Calis Lim
Mercury Staff

Survey results show that only one-third of respondents at UTD regularly receive recommended number of hours of sleep 

Look through any student’s calendar, and you’ll likely see some recurring events: tests coming up, work hours and hangouts with friends. There is one event notably absent from this list: sleep. 

We block out time for other crucial aspects of our life, but sleep isn’t prioritized for most students. While the National Sleep Foundation recommends that young adults — ranging from 18 to 25 years old — receive seven to nine hours of sleep, a Mercury survey of 118 students found that only 30.5% of respondents received the recommended amount of sleep or more on a regular basis and 69.5% of students who took the survey received less than that. 

Sleep affects our social health as well as the people closest to us, such as significant others. This is an idea that Heidi Kane, assistant professor of Behavioral and Brain Sciences at BBS, has explored in her research. As head of the Close Relationships and Health Lab, she has focused on the cognitive processes through which relationships, either friendly or romantic, are related to aspects of our health, such as sleep. 

“Let’s say I’m sleep deprived. Am I going to have the motivation to engage with my partner to find a resolution? Am I going to have the attentional capacity to pay attention to my partner and their needs? Am I going to have the regulatory control to control my own emotions so I can keep the conflict from escalating?” Kane said. “This process in our relationships can be affected by sleep.”

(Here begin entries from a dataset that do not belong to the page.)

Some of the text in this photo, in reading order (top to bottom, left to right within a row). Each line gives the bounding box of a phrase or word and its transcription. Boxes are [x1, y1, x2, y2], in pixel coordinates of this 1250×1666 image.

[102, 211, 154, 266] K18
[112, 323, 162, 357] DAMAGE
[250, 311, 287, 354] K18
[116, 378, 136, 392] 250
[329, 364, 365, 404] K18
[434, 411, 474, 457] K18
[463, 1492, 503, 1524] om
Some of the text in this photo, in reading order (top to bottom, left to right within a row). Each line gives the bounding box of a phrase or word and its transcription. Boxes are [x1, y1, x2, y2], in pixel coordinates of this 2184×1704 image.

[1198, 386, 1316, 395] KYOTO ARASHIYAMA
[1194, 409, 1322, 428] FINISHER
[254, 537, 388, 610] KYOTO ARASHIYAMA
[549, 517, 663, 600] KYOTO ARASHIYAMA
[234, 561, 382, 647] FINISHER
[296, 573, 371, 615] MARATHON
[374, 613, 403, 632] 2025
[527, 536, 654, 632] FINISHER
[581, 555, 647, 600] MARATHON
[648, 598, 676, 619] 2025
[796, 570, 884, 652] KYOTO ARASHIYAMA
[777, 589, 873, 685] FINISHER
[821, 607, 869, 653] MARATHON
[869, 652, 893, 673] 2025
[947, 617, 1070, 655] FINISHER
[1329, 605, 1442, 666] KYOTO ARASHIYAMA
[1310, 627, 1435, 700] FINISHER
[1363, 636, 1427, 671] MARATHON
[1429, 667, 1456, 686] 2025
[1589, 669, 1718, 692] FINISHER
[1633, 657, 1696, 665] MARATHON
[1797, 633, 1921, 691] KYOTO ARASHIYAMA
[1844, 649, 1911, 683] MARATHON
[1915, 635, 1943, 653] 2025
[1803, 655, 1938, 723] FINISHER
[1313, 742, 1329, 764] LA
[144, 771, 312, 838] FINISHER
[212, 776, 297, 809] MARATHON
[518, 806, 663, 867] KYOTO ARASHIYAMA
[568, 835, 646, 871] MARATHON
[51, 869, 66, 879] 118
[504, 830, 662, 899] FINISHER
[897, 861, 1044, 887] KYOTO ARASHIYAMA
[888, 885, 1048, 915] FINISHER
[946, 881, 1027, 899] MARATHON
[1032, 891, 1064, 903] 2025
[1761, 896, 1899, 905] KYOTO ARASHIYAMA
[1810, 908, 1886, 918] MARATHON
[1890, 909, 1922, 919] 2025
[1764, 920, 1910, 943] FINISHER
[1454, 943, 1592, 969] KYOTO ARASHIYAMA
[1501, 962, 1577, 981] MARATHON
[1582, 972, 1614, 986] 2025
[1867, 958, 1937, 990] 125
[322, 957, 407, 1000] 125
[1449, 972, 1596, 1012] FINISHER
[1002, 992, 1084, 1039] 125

Stress and anxiety are the most prevalent consequences of sleep deprivation among UTD students, even more so than other campuses. According to the campus-wide 2017 American College Health Association Assessment, 38.9% of UTD students felt that their academic performance had been adversely affected by stress in the 12 months prior to the survey, compared to 27.4% of students at other institutions. Similarly, 30.6% of UTD students felt that their academic performance was adversely affected by anxiety in the past 12 months, compared to 18.3% of students at other institutions. 

This litany of negative effects is no secret, and it’s safe to assume that most students know these downsides. Yet we still continue to hit the books, hit the gym and hit the town, but we forget to hit the hay. Why is that? Well, according to The Mercury’s survey results, academics was chosen by 68.7% of students as their top priority. Regardless, the lack of sleep among students is a problem that the university faces and the administration has acknowledged. 

“I’ve had some promising meetings with academics. I have a meeting with graduate education next week, and we’re really focused on health and wellness because it’s such a concern in terms of mental health,” said Kacey Sebeniecher, director of the Student Wellness Center. “I can see the shifts starting to happen at different levels as we go up the chain (of authority).”  

As a result of these meetings and collaborations, there are plans that are designed to address this campus-wide issue, Sebeniecher said. 

“We’re starting to host events at different times,” she said. “Doing the late night events, that promotes people staying up late. If you’re coming home from a 10 p.m. event, you likely won’t sleep until 2 a.m. But if we have 6 p.m. event, then hopefully you’re in bed by 10 p.m. or 11p.m.”

Sebeniecher said that despite existing adjustments the university has made, campus offices are always open to changing in response to student needs.

“I definitely think there’s more changes to come,” Sebeniecher said. “And the beautiful thing about UT Dallas is we’re young, we’re 50 years old, and we have opportunities to make that culture shift and to influence what our college life is like here.”